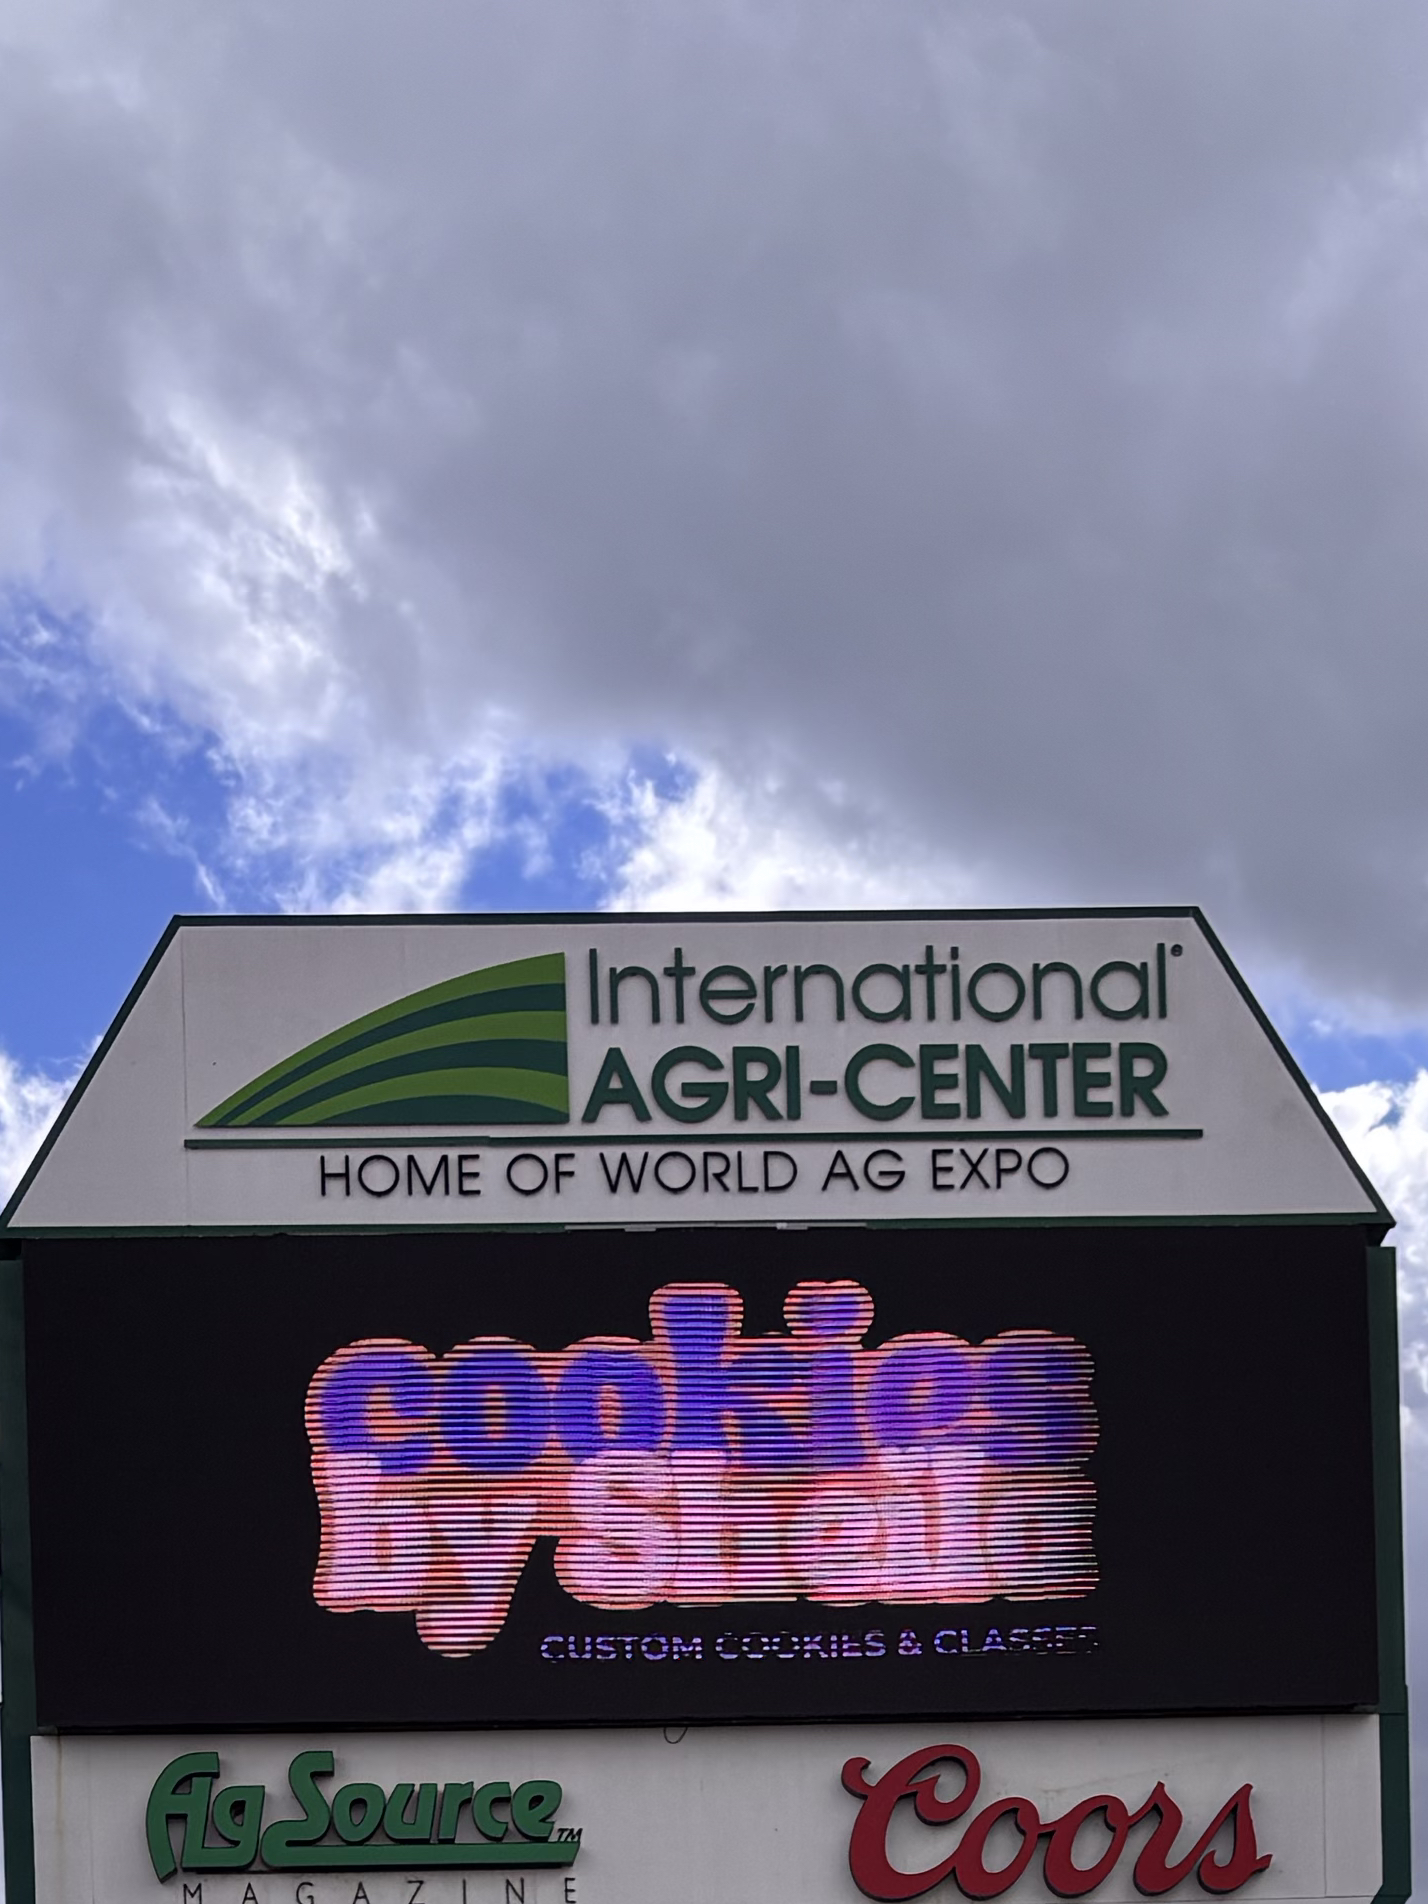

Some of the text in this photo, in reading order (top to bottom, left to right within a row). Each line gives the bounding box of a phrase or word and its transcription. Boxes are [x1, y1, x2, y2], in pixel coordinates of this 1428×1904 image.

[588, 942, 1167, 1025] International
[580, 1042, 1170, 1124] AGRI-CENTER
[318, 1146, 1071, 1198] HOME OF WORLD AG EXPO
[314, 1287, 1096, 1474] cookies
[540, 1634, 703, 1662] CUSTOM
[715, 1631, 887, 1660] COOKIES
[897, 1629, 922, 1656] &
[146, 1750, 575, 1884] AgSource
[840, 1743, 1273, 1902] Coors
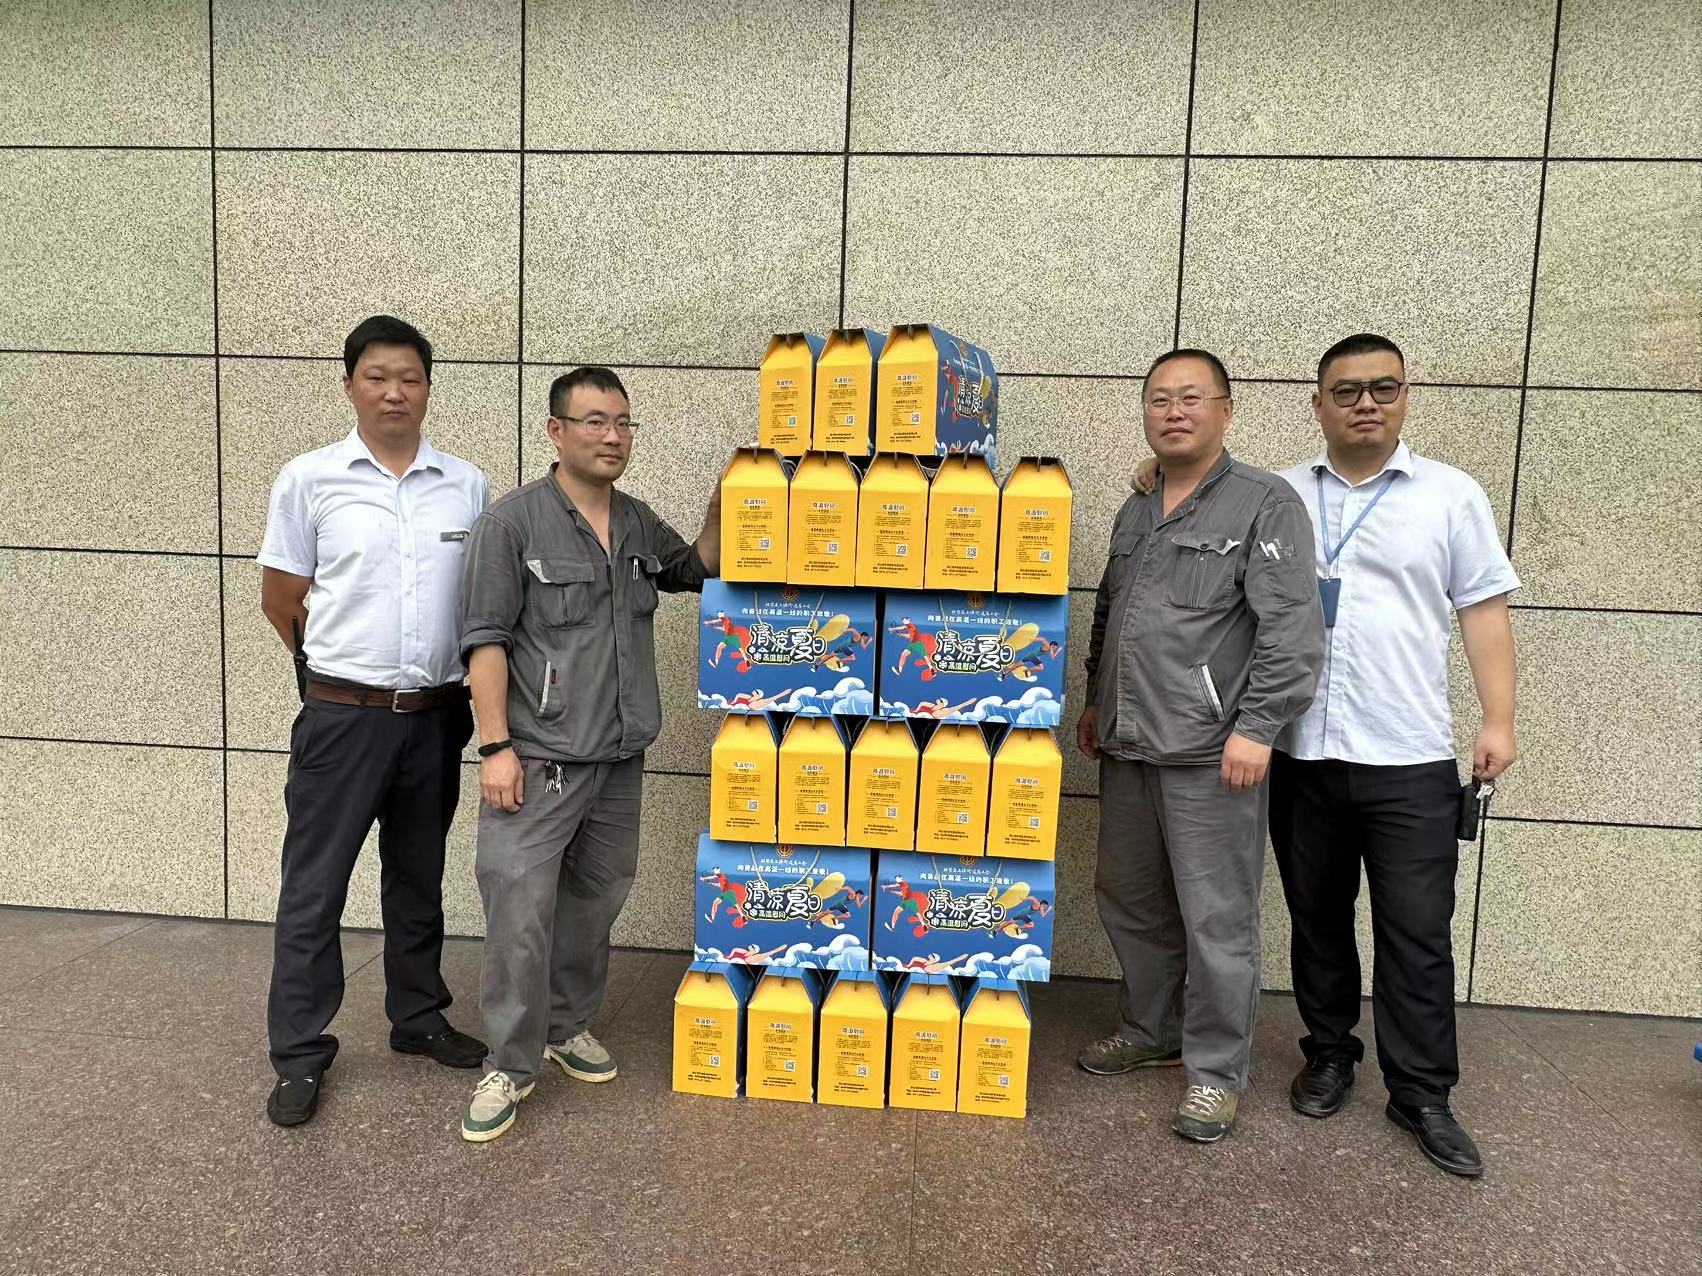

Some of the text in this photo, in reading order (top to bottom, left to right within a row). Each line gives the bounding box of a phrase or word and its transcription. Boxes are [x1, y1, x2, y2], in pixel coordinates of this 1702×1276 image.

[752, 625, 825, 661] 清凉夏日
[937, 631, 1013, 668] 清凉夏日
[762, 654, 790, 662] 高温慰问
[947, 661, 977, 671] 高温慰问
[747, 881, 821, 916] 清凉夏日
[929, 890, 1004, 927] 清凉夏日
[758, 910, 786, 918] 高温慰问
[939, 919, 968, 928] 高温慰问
------
Exactly as written, return each line above and leave the pictures behind.

• **Exercise solution**
Some of the text in this photo, in reading order (top to bottom, left to right within a row). Each line gives the bounding box of a phrase or word and its transcription. Boxes are [x1, y1, x2, y2], in pixel coordinates of this 1428×1904 image.

[588, 942, 1167, 1025] International
[580, 1042, 1170, 1124] AGRI-CENTER
[318, 1146, 1071, 1198] HOME OF WORLD AG EXPO
[314, 1287, 1096, 1474] cookies
[540, 1634, 703, 1662] CUSTOM
[715, 1631, 887, 1660] COOKIES
[897, 1629, 922, 1656] &
[146, 1750, 575, 1884] AgSource
[840, 1743, 1273, 1902] Coors

Some of the text in this photo, in reading order (top to bottom, left to right within a row). Each line gives the bounding box of a phrase or word and its transcription. Boxes are [x1, y1, x2, y2], in pixel coordinates of this 1702×1276 image.

[752, 625, 825, 661] 清凉夏日
[937, 631, 1013, 668] 清凉夏日
[762, 654, 790, 662] 高温慰问
[947, 661, 977, 671] 高温慰问
[747, 881, 821, 916] 清凉夏日
[929, 890, 1004, 927] 清凉夏日
[758, 910, 786, 918] 高温慰问
[939, 919, 968, 928] 高温慰问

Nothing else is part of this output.